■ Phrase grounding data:
□ □ □ □ □

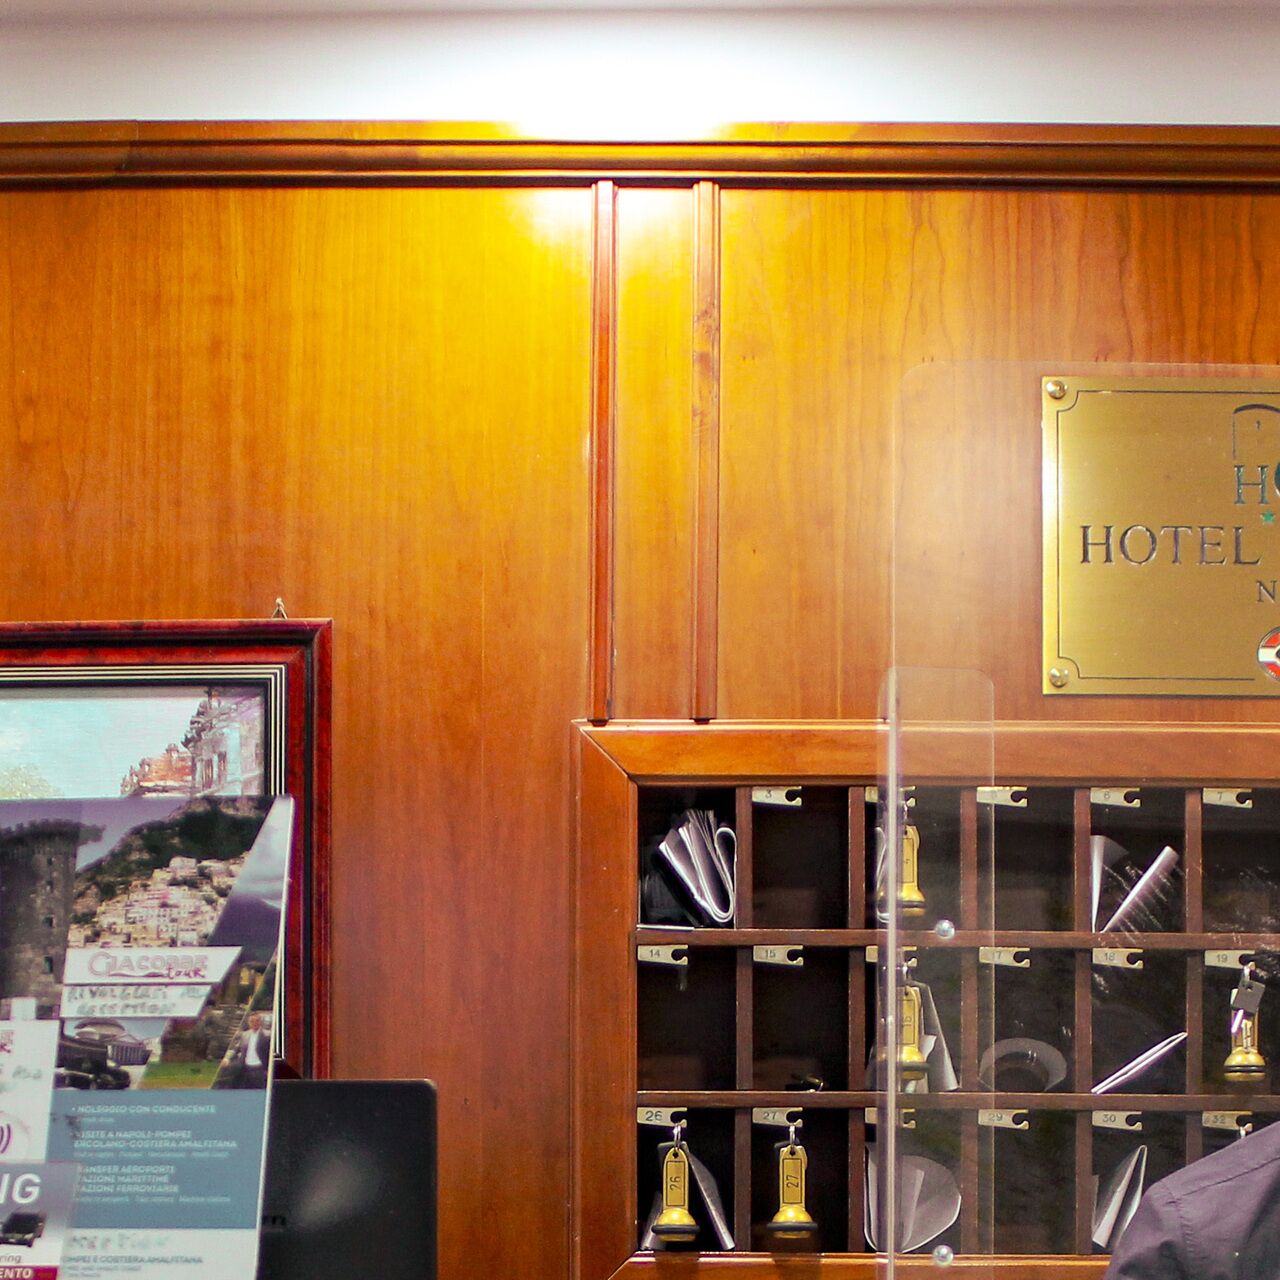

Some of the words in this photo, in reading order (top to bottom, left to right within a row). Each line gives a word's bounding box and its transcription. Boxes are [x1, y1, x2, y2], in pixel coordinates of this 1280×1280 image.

[1080, 525, 1260, 566] HOTEL
[649, 949, 660, 958] 14
[764, 949, 776, 959] 15
[1216, 953, 1228, 963] 19
[645, 1110, 663, 1122] 26
[762, 1111, 777, 1121] 27
[1102, 1113, 1117, 1123] 30
[1212, 1114, 1226, 1124] 32
[786, 1174, 800, 1189] 27
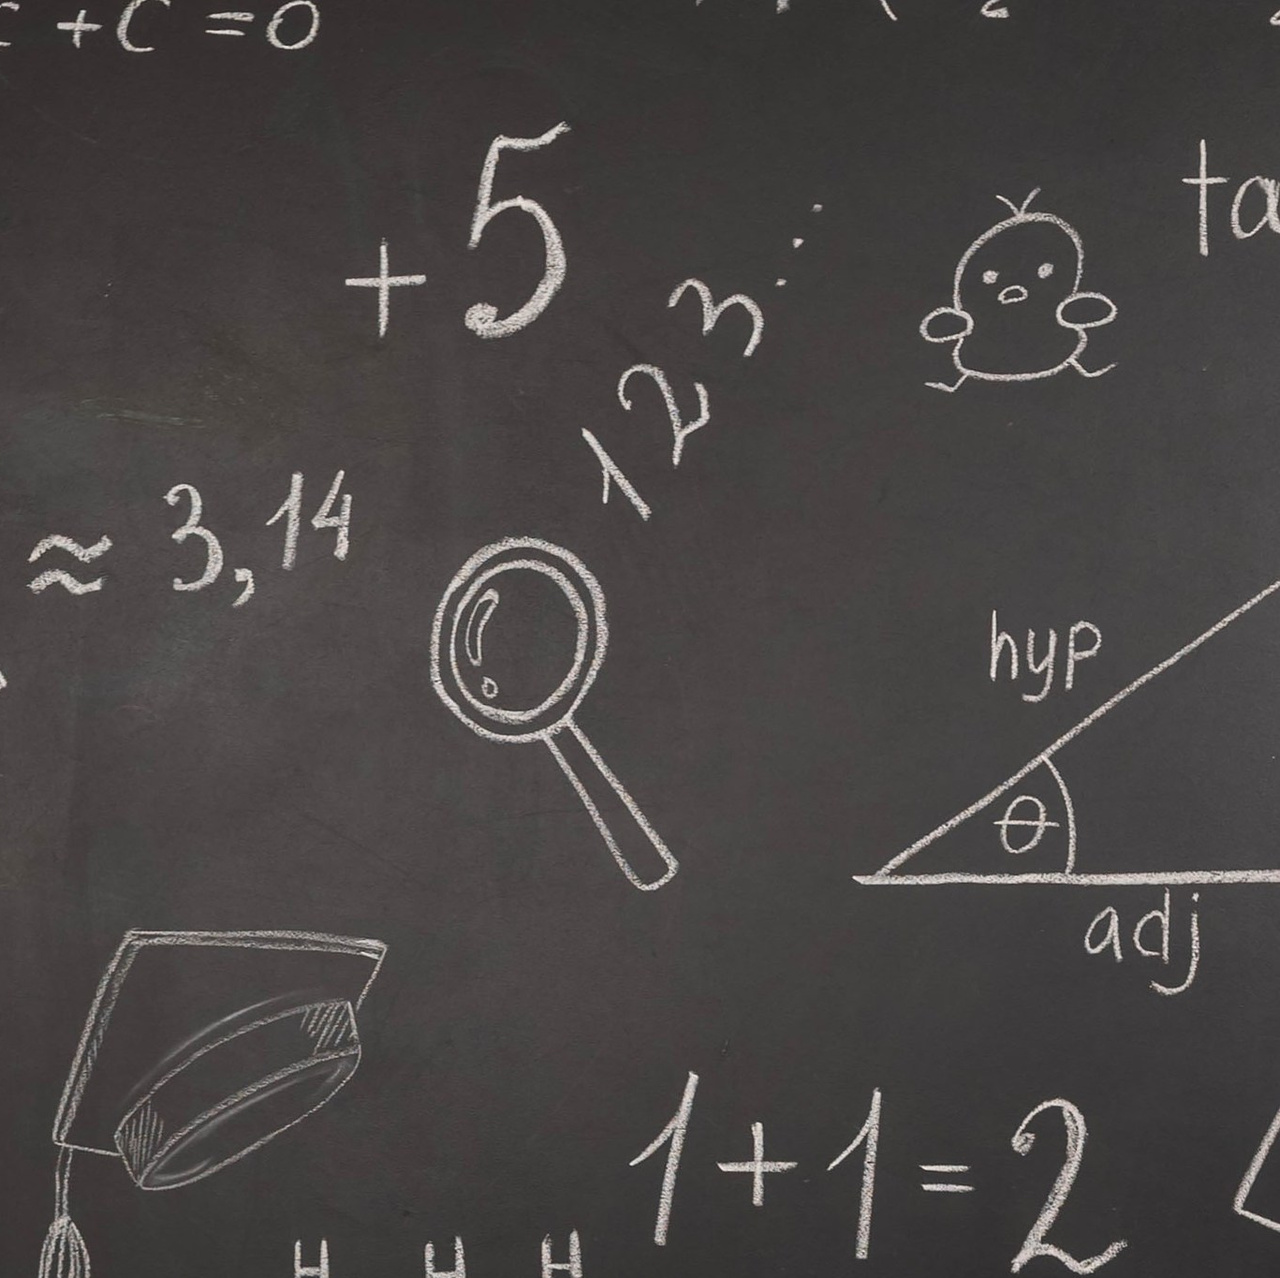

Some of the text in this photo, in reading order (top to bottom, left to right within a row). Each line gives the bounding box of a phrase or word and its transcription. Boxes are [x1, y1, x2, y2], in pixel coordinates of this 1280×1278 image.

[162, 469, 354, 608] 3,14
[988, 609, 1104, 703] hyp
[1083, 887, 1203, 996] adj
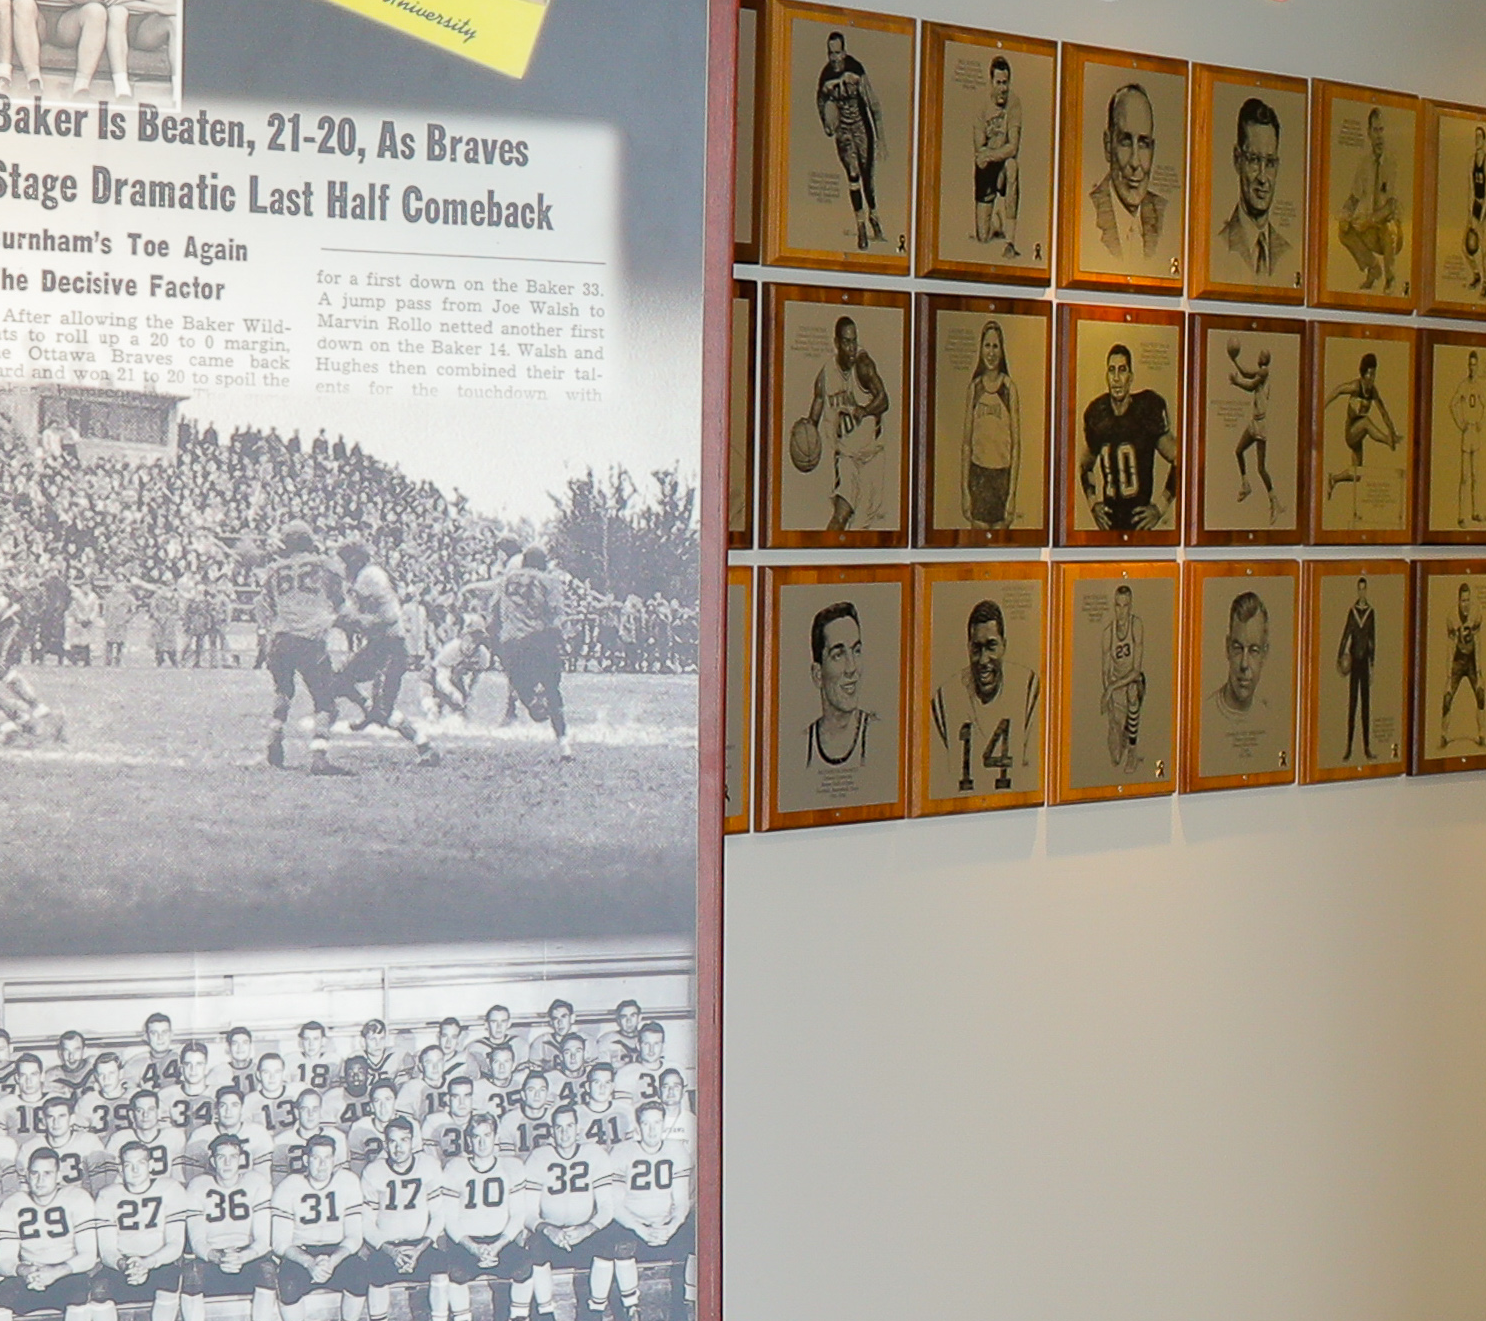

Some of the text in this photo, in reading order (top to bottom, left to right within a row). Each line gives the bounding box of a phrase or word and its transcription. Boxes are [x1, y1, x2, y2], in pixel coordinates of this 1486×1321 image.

[98, 102, 126, 142] Is
[137, 104, 255, 159] Beaten,
[267, 112, 365, 166] 21-20,
[376, 119, 415, 160] As
[426, 122, 528, 167] Braves
[92, 167, 235, 214] Dramatic
[249, 176, 313, 218] Last
[327, 180, 389, 222] Half
[402, 184, 552, 231] Comeback
[131, 232, 169, 258] Toe
[184, 235, 247, 267] Again
[41, 269, 136, 297] Decisive
[150, 273, 225, 300] Factor
[316, 270, 603, 296] for a first down on the Baker 33.
[2, 309, 291, 335] After allowing the Baker Wild-
[1101, 443, 1141, 498] 10
[1115, 644, 1131, 659] 23
[958, 718, 1013, 792] 14
[547, 1161, 589, 1195] 32
[630, 1159, 673, 1191] 20
[206, 1189, 251, 1223] 36
[299, 1190, 340, 1225] 31
[385, 1178, 422, 1210] 17
[464, 1178, 504, 1209] 10
[17, 1206, 70, 1240] 29
[117, 1197, 162, 1231] 27

□ □ □ □ □

■ Problem to work on: Please print each record above again exactly, but omit any pictures.

■ Response:
Some of the words in this photo, in reading order (top to bottom, left to right within a row). Each line gives a word's bounding box and its transcription. Boxes are [x1, y1, x2, y2], in pixel coordinates of this 1280×1280 image.

[1080, 525, 1260, 566] HOTEL
[649, 949, 660, 958] 14
[764, 949, 776, 959] 15
[1216, 953, 1228, 963] 19
[645, 1110, 663, 1122] 26
[762, 1111, 777, 1121] 27
[1102, 1113, 1117, 1123] 30
[1212, 1114, 1226, 1124] 32
[786, 1174, 800, 1189] 27

Some of the text in this photo, in reading order (top to bottom, left to right within a row). Each line gives the bounding box of a phrase or word and its transcription. Boxes are [x1, y1, x2, y2], in pixel coordinates of this 1280×1278 image.

[162, 469, 354, 608] 3,14
[988, 609, 1104, 703] hyp
[1083, 887, 1203, 996] adj

Some of the text in this photo, in reading order (top to bottom, left to right within a row). Each line gives the bounding box of a phrase or word and its transcription. Boxes are [x1, y1, x2, y2], in pixel coordinates of this 1486×1321 image.

[98, 102, 126, 142] Is
[137, 104, 255, 159] Beaten,
[267, 112, 365, 166] 21-20,
[376, 119, 415, 160] As
[426, 122, 528, 167] Braves
[92, 167, 235, 214] Dramatic
[249, 176, 313, 218] Last
[327, 180, 389, 222] Half
[402, 184, 552, 231] Comeback
[131, 232, 169, 258] Toe
[184, 235, 247, 267] Again
[41, 269, 136, 297] Decisive
[150, 273, 225, 300] Factor
[316, 270, 603, 296] for a first down on the Baker 33.
[2, 309, 291, 335] After allowing the Baker Wild-
[1101, 443, 1141, 498] 10
[1115, 644, 1131, 659] 23
[958, 718, 1013, 792] 14
[547, 1161, 589, 1195] 32
[630, 1159, 673, 1191] 20
[206, 1189, 251, 1223] 36
[299, 1190, 340, 1225] 31
[385, 1178, 422, 1210] 17
[464, 1178, 504, 1209] 10
[17, 1206, 70, 1240] 29
[117, 1197, 162, 1231] 27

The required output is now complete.